That leaves House Republicans with few clear options. They could try to deny the administration money to carry out the law, but that may not work. Major elements, such as tax credits to help make health insurance more affordable, were written as entitlements, meaning that they will be automatically funded. And if a drive to deny the money threatens to shut down the government, it could backfire politically.
Leading proponents of repeal acknowledge it may take the election of a Republican president to accomplish the goal. That means both parties will probably take the major issues in the health care debate to the voters in 2012, when Obama is expected to run for a second term and the House and Senate will again be up for grabs.
The drive to repeal has opened Republicans up to charges that they would increase the federal deficit. The Congressional Budget Office, the nonpartisan budget referee, says the legislation would increase deficits by $230 billion from 2012 to 2021. That's because spending cuts and new taxes more than offset the cost of expanding coverage. [Take the poll: Should Congress raise the debt ceiling?]
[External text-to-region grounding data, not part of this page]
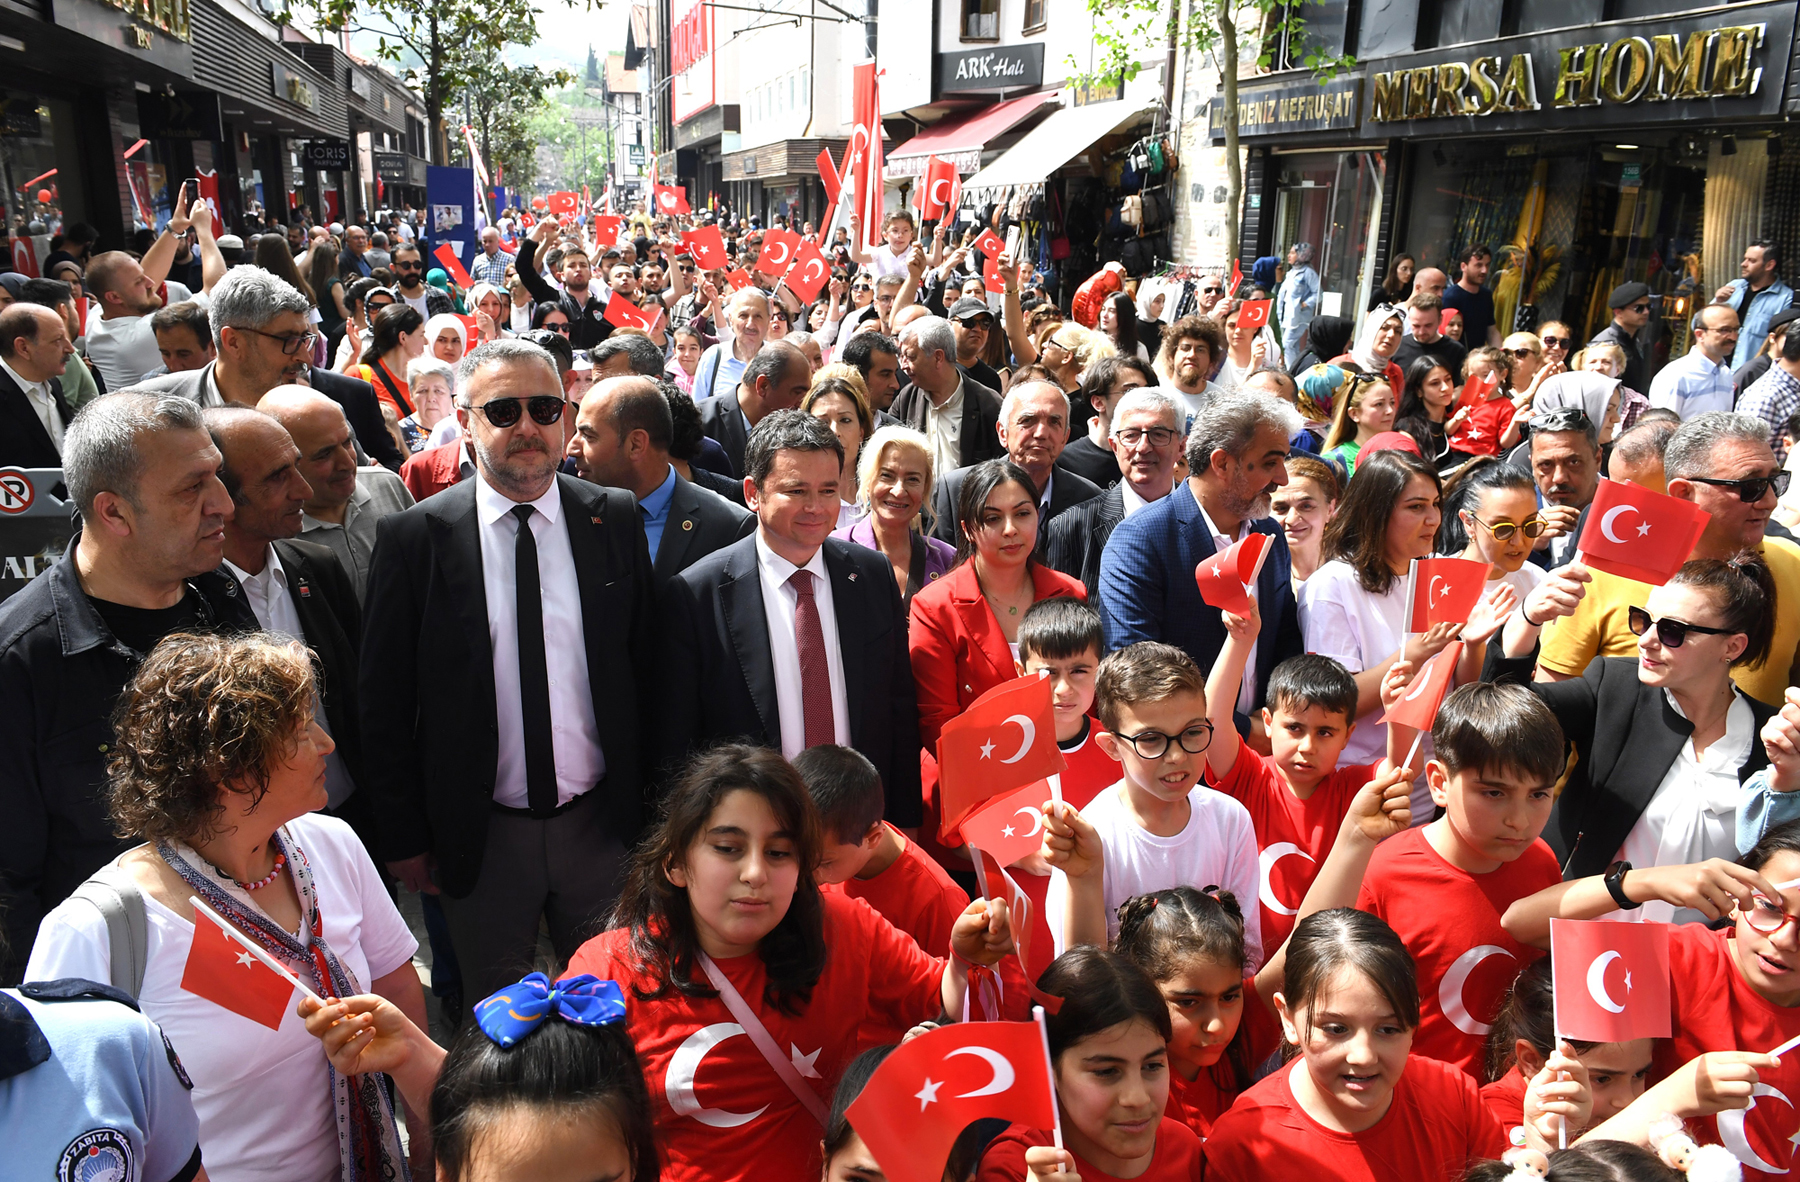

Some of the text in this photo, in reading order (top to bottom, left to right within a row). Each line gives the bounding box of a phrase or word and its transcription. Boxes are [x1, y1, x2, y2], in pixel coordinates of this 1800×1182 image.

[955, 55, 1024, 80] ARK Halı
[1368, 22, 1767, 122] MERSA HOME
[1278, 91, 1354, 124] MEFRUŞAT
[307, 147, 347, 159] LORIS
[70, 1132, 110, 1157] ZABITA
Republicans counter that even if that's technically true, it would save money in the long run to repeal a big new program before it gets off the ground.
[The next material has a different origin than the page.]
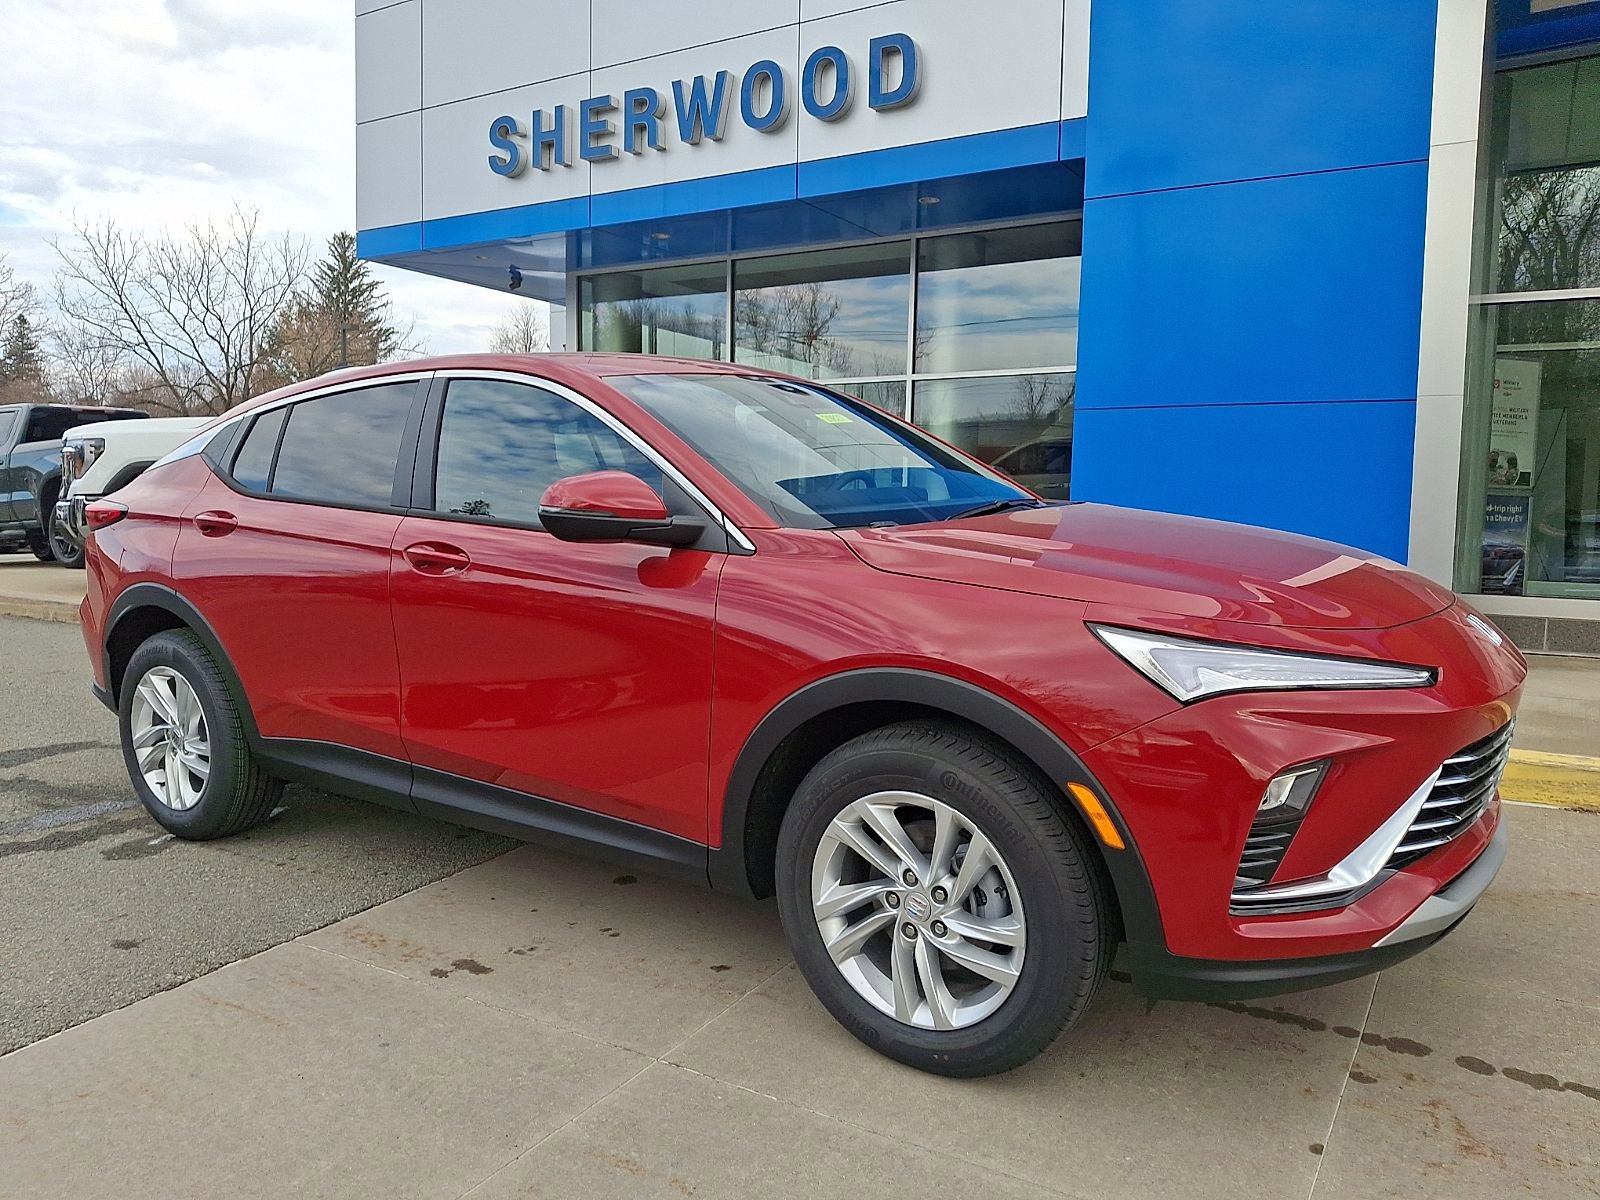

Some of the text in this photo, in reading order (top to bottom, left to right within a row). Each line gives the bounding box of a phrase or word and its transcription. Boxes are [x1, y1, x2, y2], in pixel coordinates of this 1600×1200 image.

[488, 32, 923, 179] SHERWOOD
[1486, 504, 1522, 514] d-trip right
[1494, 514, 1514, 523] Chevy
GOP governors, in their letter to Washington leaders Friday, argued the law is already limiting their options by requiring them to maintain certain levels of Medicaid coverage to continue receiving crucial federal money. Medicaid is a federal-state program that serves more than 50 million low-income people.
"The effect of the federal requirements is unconscionable; (they) force governors to cut other critical state programs, such as education, in order to fund a one-size-fits-all approach to Medicaid," wrote the governors, calling on Congress to lift the requirements. If the request advances, it could open the door to other attempts to change the law, or undermine it.
Voting with the Republicans on Friday were four Democrats who had opposed the law last year — Reps. Dan Boren of Oklahoma, Mike McIntyre and Larry Kissell of North Carolina, and Mike Ross of Arkansas.